President Evo Morales of Bolivia addresses the general debate of the General Assembly’s seventieth session. UN Photo/Kim Haughton

28 September 2015 – Decrying capitalism and the predatory polices of multinational corporations, the President of Bolivia, in his address to the United Nations General Assembly today, called for all countries to reject the imperialist models that lead to poverty and inequality and to take up the philosophy of ‘living well’ – the key to sustainable development and social justice.

Evo Morales said it was important to carry out a deep examination of political, economic, social and cultural transformations over the 70 years of the life of the United Nations. It was clear that wars and invasions had continued during that time, as oligarchs fought to keep power and wealth in the hands of a few to the detriment of the many. Indeed, while speakers today in the Assembly had said they sought peace, what was true is that there could be no peace without social justice.

Some of those same speakers pursued capitalism, which was a failed model that had ultimately sparked a raft of crises – humanitarian, economic and environmental. Some governments claimed to be spending billions of dollars to save Mother Earth, but they were really spending those billions on military aims which would ultimately lead to the destruction of the planet.

“We are convinced that capitalism is not the solution for humanity,” said President Morales, stressing that the principle of “living well” – living in solidarity and complimentarity, at one with Mother Earth – is the key for humanity. This is the exact opposite of capitalism, he said, adding that “living well” also ensured that basic services and natural resources belonged to all people, not private companies. “This is how we freed ourselves economically,” he declared.

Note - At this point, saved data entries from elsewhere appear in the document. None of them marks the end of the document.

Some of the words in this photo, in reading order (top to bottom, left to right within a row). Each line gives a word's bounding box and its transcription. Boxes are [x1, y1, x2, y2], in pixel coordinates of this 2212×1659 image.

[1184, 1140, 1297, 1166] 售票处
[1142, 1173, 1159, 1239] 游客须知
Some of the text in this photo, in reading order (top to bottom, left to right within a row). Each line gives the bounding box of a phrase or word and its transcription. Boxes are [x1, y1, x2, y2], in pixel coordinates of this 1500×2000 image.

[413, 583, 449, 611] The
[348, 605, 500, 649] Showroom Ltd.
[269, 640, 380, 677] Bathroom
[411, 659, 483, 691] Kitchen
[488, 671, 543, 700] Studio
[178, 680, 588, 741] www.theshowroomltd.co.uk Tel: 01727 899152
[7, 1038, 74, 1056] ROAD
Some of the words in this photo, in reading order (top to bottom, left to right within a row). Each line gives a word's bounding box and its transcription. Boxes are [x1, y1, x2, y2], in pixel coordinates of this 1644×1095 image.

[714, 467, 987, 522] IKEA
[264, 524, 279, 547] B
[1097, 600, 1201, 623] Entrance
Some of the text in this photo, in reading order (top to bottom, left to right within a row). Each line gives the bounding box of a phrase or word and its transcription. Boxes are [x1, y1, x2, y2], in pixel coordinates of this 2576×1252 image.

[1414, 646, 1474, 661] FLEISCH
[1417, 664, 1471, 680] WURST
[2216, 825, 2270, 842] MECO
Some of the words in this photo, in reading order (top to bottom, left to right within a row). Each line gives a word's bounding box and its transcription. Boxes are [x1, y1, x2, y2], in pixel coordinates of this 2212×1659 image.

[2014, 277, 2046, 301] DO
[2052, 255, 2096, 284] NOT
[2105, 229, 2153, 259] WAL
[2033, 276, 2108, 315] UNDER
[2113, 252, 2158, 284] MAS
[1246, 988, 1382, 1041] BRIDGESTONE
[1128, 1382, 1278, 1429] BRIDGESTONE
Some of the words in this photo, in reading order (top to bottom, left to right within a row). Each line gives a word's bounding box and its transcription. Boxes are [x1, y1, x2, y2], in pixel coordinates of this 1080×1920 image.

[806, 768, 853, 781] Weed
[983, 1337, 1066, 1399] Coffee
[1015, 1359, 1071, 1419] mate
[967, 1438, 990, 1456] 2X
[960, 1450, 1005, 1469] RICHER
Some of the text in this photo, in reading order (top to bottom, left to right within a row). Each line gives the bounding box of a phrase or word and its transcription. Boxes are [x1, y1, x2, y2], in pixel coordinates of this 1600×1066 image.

He went on to say that his Government was shouldering its responsibilities to save Mother Earth, and to that end, all countries, especially in the lead-up to the Paris climate conference, must shoulder their responsibilities. Bolivia was hosting a conference of social movements from 10-12 October to show the world that some were not following policies of the North American empire. This empire, which claimed to be democratic, was actually being governed by big business, not the people.

“The only way to end poverty and all the other serious problems facing humankind is to do away with capitalism,” said President Morales, stressing that globalization should be for all people. The exploitation of human beings and pillaging of natural resources must end, as should wars aimed at securing access to those resources, he said.